Gaddafi loyalists mount surprise attack

FIGHTERS loyal to the deposed Libyan leader mounted a surprise counter-attack on rebel forces yesterday, killing 17 guards at an oil refinery.

Colonel Muammar Gaddafi’s troops used more than a dozen vehicles to attack the refinery 20km from the coastal town of Ras Lanuf.

The plant, which is not fully operational, was undamaged but the entrance, guarded by a tank, was littered with empty shells.

“We heard firing and shelling at around 9 in the morning from Gaddafi loyalists,” Ramadan Abdel Qader, a worker who was shot in the raid, said.

The assault occurred hours after the new ruling National Transitional Council (NTC) announced that it had resumed some oil production, which had been all but halted during the months of civil war.

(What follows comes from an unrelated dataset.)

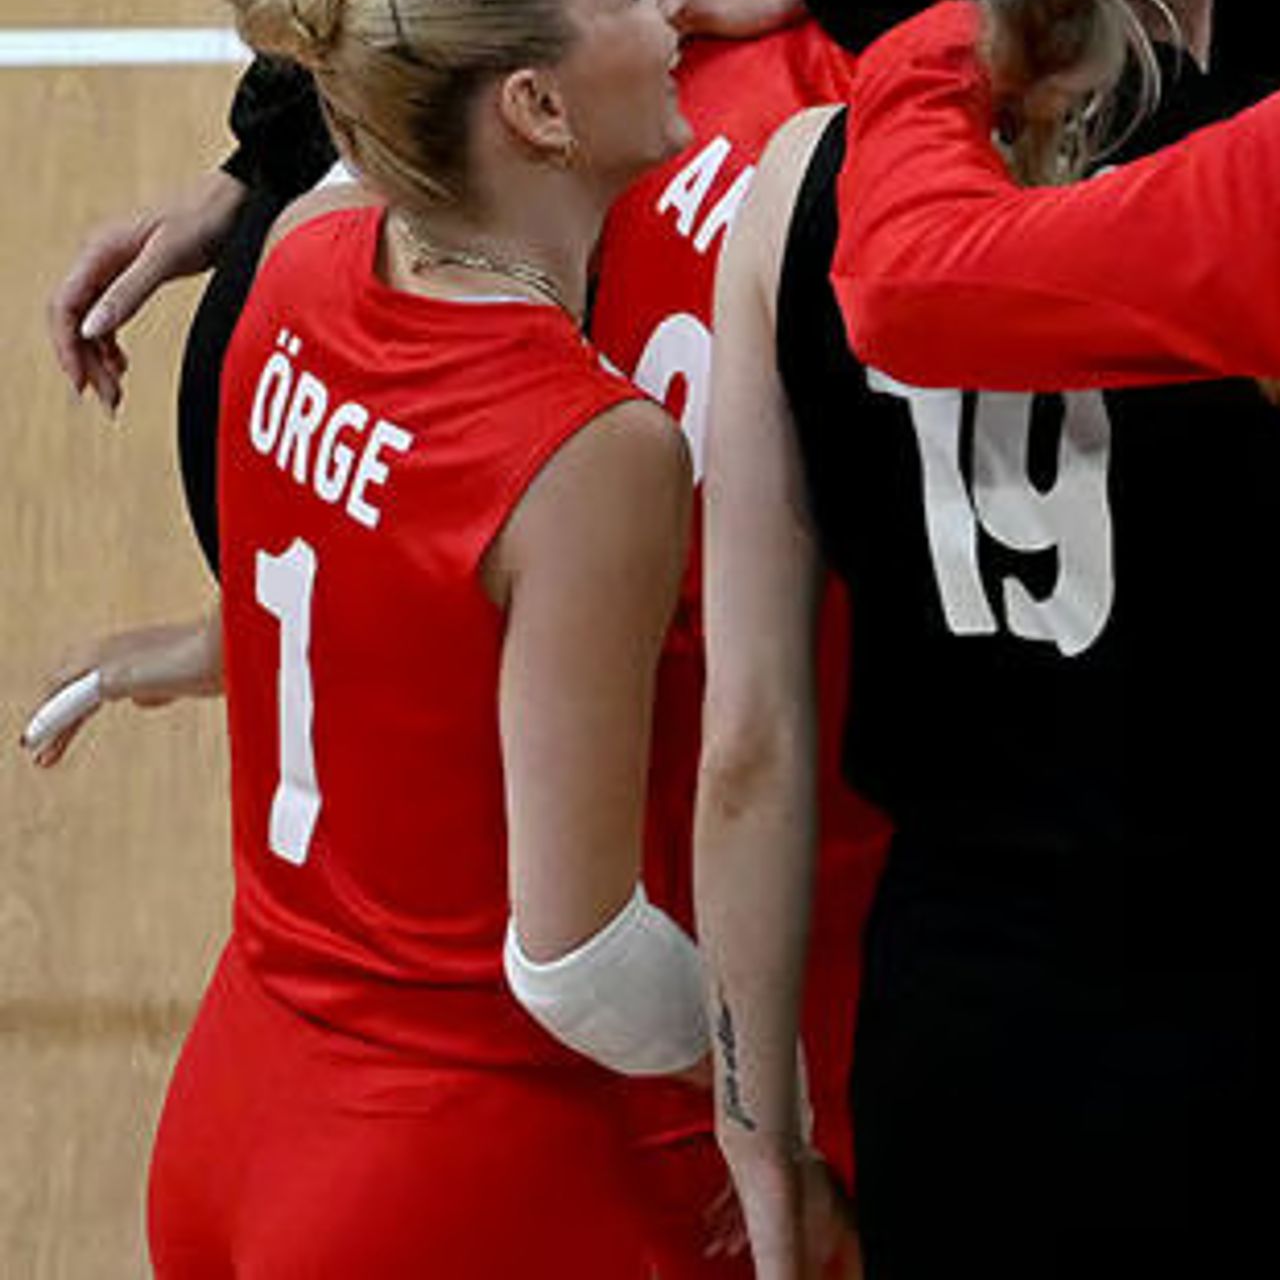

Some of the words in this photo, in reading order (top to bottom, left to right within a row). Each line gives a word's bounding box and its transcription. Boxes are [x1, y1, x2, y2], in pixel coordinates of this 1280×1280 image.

[250, 329, 413, 528] ÖRGE
[865, 366, 1115, 658] 19
[255, 537, 322, 866] 1

A Syrian-based television station that has broadcast messages from Colonel Gaddafi in the past said that he was still in Libya but was unable to go on TV for security reasons.

“It was meant to show the leader among his fighters and people, leading the struggle from Libyan lands, and not from Venezuela or Niger or anywhere else,” Mishan Jabouri, owner of the Arrai channel, told viewers.

He read out a text quoting Colonel Gaddafi as saying: “We cannot give up Libya to colonisation one more time … There is nothing more to do except fight until victory.”

Fighting was also reported around the town of Bani Walid, southeast of the capital Tripoli, one of the last remaining pockets of resistance from the old regime. Families trapped there for weeks escaped after Gaddafi forces abandoned some checkpoints on the outskirts.

As Nato aircraft pounded pro-Gaddafi strongholds, neighbouring Niger said that 32 members of his inner cicle, including his son Saadi, had arrived in the country.

The US State Department said that the authorities in Niger intended to detain Saadi. In a boost to the NTC yesterday, China announced that it would recognise its rule.